Da tali indagini, preliminari alla costruzione vera e propria e, soprattutto, da effettuare a cura dell’impresa appaltatrice (non eseguibili contestualmente al progetto) per una questione organizzativa e di costi, sono emerse alcune deficienze dei terreni (vere e proprie cavità o sacche di terra senza consistenza) che avrebbero così pregiudicato la stabilità delle opere da realizzare. È  stato quindi opportuno e necessario prevedere la modifica del sistema complessivo delle fondazioni e, soprattutto, del meccanismo di bonifica e irrobustimento del sottosuolo di fondazione, cosa che è avvenuta con la seconda perizia di variante.

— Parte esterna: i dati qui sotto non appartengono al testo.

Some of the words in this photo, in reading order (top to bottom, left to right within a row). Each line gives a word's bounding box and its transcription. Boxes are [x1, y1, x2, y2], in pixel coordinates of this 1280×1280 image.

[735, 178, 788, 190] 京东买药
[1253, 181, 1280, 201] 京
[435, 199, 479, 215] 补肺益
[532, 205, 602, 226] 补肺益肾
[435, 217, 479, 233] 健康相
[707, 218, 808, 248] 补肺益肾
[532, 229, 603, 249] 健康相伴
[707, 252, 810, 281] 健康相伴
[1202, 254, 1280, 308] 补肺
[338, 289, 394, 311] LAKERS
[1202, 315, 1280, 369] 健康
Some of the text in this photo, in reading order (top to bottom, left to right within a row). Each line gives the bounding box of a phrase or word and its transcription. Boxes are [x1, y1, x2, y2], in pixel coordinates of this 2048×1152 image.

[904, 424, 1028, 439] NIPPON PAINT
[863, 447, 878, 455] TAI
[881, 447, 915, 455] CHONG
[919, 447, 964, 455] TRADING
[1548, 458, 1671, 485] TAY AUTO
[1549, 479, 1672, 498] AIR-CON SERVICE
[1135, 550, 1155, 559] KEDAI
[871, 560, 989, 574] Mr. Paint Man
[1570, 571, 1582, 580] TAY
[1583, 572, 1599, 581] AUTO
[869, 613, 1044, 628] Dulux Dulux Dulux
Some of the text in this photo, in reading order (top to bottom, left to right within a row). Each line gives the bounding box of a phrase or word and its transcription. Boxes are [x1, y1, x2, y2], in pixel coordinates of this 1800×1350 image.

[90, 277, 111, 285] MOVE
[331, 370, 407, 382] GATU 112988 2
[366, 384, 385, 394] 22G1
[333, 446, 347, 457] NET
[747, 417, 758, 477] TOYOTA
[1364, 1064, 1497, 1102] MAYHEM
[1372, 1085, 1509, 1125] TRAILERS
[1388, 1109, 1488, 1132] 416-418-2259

L’importo aggiuntivo dei lavori di fondazione è stato pari a 967.000 euro. Il Comune precisa che tale importo non è quantificabile come un danno dell’Amministrazione o un regalo all’impresa: si tratta infatti del corrispettivo di lavori che si sarebbero dovuti comunque realizzare e compensare all’impresa, anche nel caso in cui si fossero potute eseguire le indagini approfondite contestualmente al progetto.

In altre parole, concludono i tecnici comunali, se dalle indagini di progetto fosse emersa la situazione attuale, l’importo dei lavori appaltati sarebbe cresciuto della stessa somma ora prevista quale suppletiva nella perizia di variante.